**What this task involves:**
Your response should be the lines from the one containing "this 1288×966 image." through the end of the material, copied exactly and with nothing added.

**Data to examine:**
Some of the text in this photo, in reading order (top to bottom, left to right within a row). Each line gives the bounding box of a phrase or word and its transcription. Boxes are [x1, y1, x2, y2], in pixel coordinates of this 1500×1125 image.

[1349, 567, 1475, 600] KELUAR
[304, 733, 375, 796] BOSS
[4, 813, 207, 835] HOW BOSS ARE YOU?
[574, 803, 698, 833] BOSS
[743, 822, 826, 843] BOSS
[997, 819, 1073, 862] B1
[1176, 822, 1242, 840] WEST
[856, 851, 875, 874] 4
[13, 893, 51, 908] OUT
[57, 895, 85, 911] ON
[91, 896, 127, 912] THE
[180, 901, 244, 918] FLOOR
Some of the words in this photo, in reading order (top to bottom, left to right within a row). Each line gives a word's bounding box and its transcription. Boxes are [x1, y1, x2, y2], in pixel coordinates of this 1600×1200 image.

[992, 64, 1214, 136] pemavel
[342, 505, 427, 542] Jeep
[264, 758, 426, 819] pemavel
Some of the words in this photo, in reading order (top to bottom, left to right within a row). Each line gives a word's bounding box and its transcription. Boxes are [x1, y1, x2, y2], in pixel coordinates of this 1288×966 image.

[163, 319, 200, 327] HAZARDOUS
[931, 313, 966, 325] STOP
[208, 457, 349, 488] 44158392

**Answer to this exercise:**
Some of the words in this photo, in reading order (top to bottom, left to right within a row). Each line gives a word's bounding box and its transcription. Boxes are [x1, y1, x2, y2], in pixel coordinates of this 1288×966 image.

[163, 319, 200, 327] HAZARDOUS
[931, 313, 966, 325] STOP
[208, 457, 349, 488] 44158392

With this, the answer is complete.